Instead of GPAs, create standardized gamified tests for hundreds of discrete skills, and encourage students to grind and retest. This makes sorting job applicants easy: dot product your skill vector with job profile. To make instruction scale, curate the best lectures and playback at scheduled class times, with TAs on hand for help and proctoring.

Details:

Atomize certification:

No more arcane 1-page transcripts. Break it down into hundreds of individual skills, gamify the learning process for these skills, and put a huge amount of effort into making your tests universal gold standards like the SAT.

Let students retake tests as many times as they like. Every score is a percentile: you're 90th percentile in logarithms, 60th percentile in vocabulary, 80th percentile in factoring polynomials. Every attempt gets recorded: you went from 30th percentile in constitutional law at age 16 to 70th at age 20.

Finally, close the loop on certification. Instead of a generic "BS/MS CS" requirement for jobs ranging from game programming to embedded systems to web frontend, average the test scores of the hiring team across the whole spectrum. Now it's easy to rank the candidates: take the dot product of their scores with the average of the hiring team, and sort.

So instead of fighting over the grads from the top schools, you get the people with the specific fine grained skills you care about.

And students can look at the skills profile for the jobs they want and grind those skills. Want to be a Site Reliability Engineer for DeepMind? Your current dot product with that role's skills has you well below their threshold for an interview, but here are the skills to grind, sorted by weight. Cross the threshold, get an interview. Did you know you're a good fit for a role making $50k more than your current salary? Here are the skills to polish if you want to increase your chances at landing it.

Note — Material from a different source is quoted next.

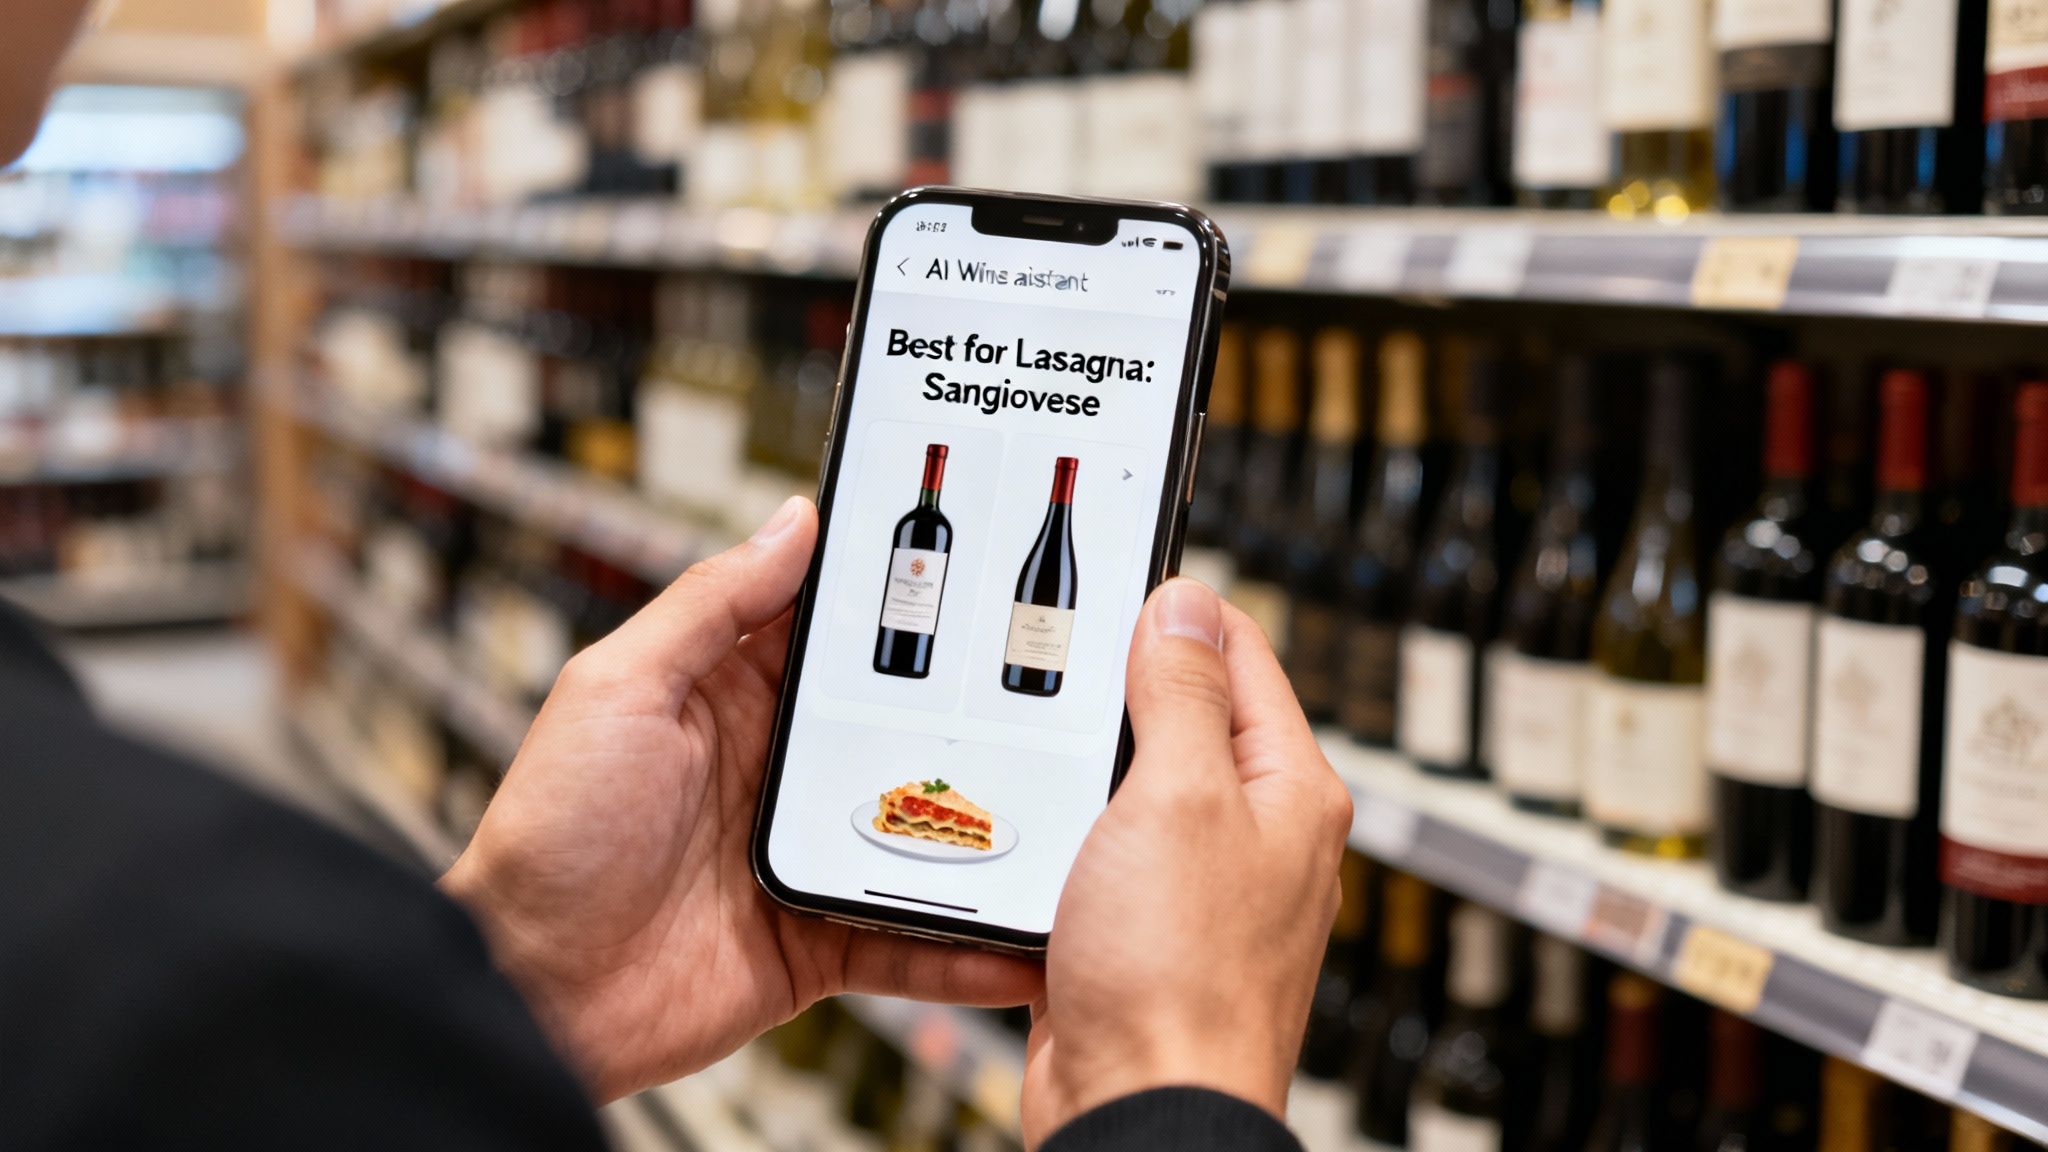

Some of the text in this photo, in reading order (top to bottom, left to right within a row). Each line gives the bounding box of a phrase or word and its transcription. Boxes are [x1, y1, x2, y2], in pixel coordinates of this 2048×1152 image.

[925, 257, 949, 281] AI
[886, 328, 1155, 384] Best for Lasagna:
[922, 372, 1101, 417] Sangiovese

Making university instruction scale:

College provides four things: community, structure, education, and certification, and these are largely separable.

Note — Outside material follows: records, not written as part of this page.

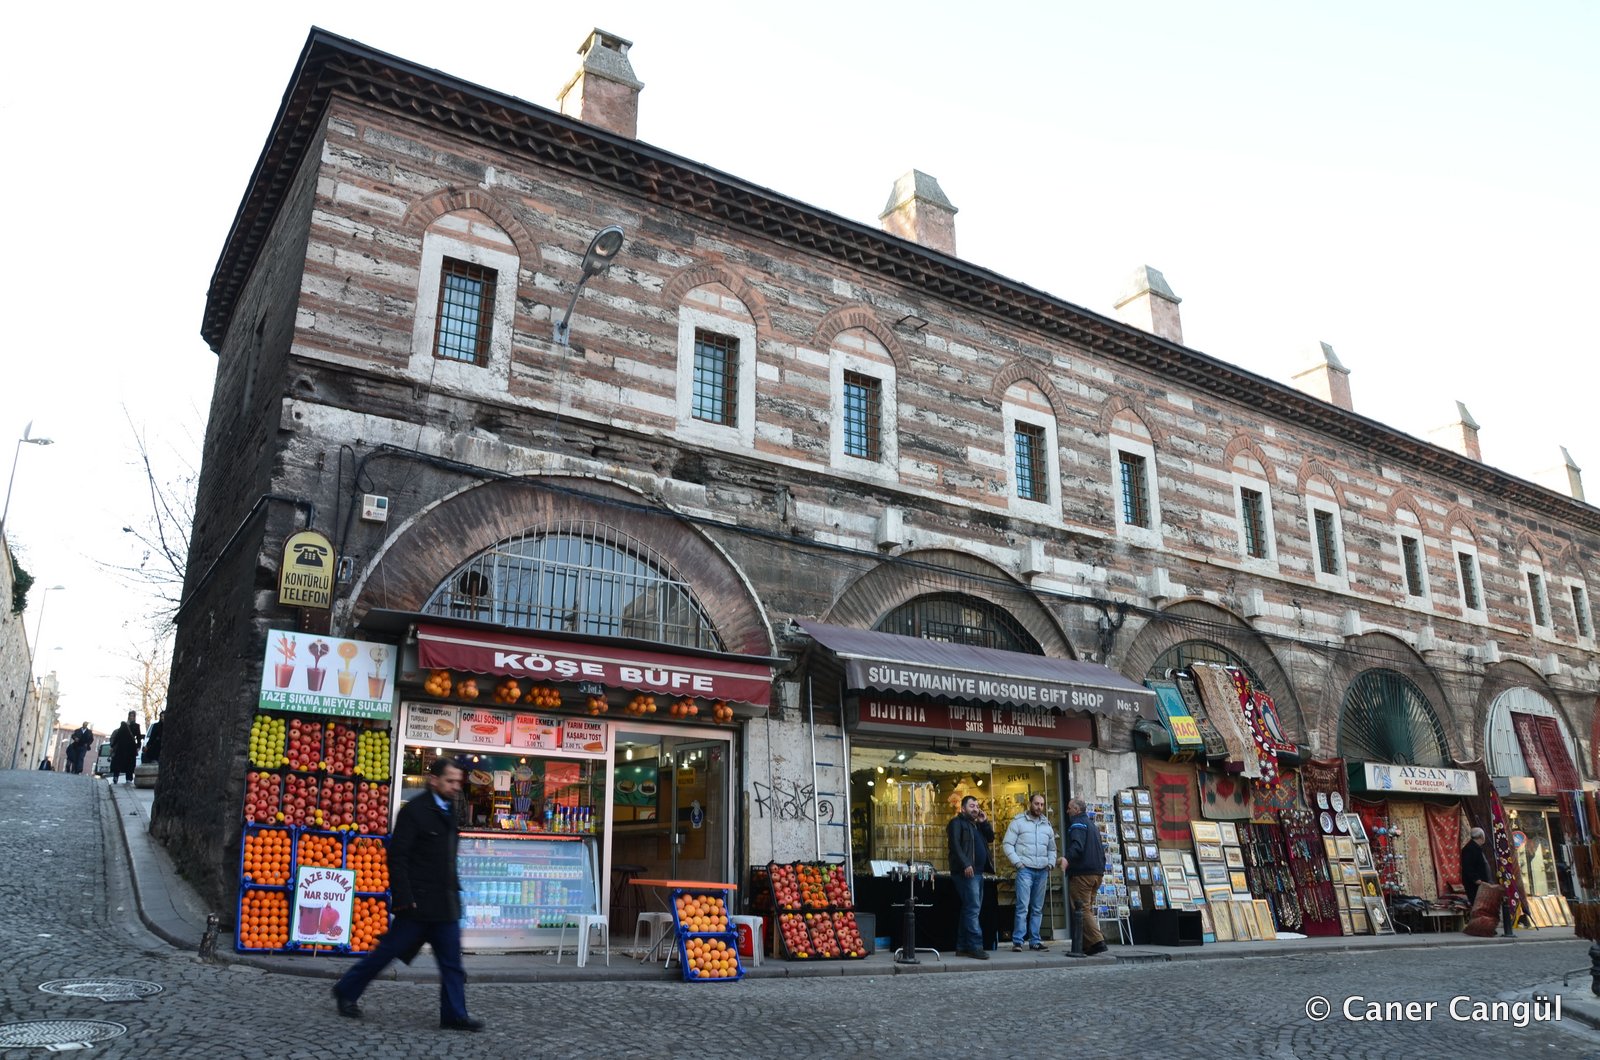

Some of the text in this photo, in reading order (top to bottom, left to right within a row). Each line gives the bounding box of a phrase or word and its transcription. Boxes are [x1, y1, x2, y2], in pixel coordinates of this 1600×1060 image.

[285, 572, 329, 590] KONTÜRLÜ
[283, 587, 329, 604] TELEFON
[494, 652, 605, 677] KÖŞE
[620, 667, 714, 692] BÜFE
[868, 665, 1140, 712] SÜLEYMANİYE MOSQUE GIFT SHOP No: 3
[261, 690, 392, 713] TAZE SIKMA MEYVE SULARI
[312, 704, 336, 715] Fruit
[340, 708, 371, 718] Juices
[948, 704, 983, 722] TOPTAN
[991, 708, 1003, 724] VE
[1011, 712, 1057, 729] PERAKENDE
[516, 716, 555, 727] YARIM EKMEK
[566, 721, 602, 731] YARIM EKMEK
[528, 733, 541, 741] TON
[588, 733, 602, 741] TOST
[1007, 772, 1030, 783] SILVER
[1399, 766, 1447, 779] AYSAN
[299, 871, 353, 893] TAZE SIKMA
[303, 890, 346, 902] NAR SUYU

Community is super valuable but I don't have a solution for that.

Structure is the most overlooked, which explains why independent study students do so poorly. Structure says, "There will be lectures and tests and grades and a final. If you can get your butt into a seat in this room at this time, knowledge will be presented to you. And it will all be over in 4 months." This is critical for both students and instructors. Traditional structure ties education and certification together, but these are separable, and I will propose alternative structures.

Education breaks down into lectures, homework, projects, labs and tutorial sessions. There are tons of lectures, homework sets and project requirements available online already, so you just need to curate and edit. That leaves labs and tutorial sessions.

Certification consists mainly of course grades aggregated into degrees. (Like academic journals, a real holdover from medieval times; years of work condensed down to a few sheets of paper you can carry with you.) Course grades come from graded assignments (now reguarly automated), and proctored tests.

The missing pieces are: structure, labs, tutorial sessions, graded assignments and proctored tests.

Structure, labs, tutorial sessions: Courses proceed on a schedule as in universities. Assemble a syllabus of the best existing lectures and assignments. Hire TAs and grad students. Refine lecture videos with editing and visual aids. Students watch recorded lectures instead of live, but labs and tutorial sessions are held in person with the TAs.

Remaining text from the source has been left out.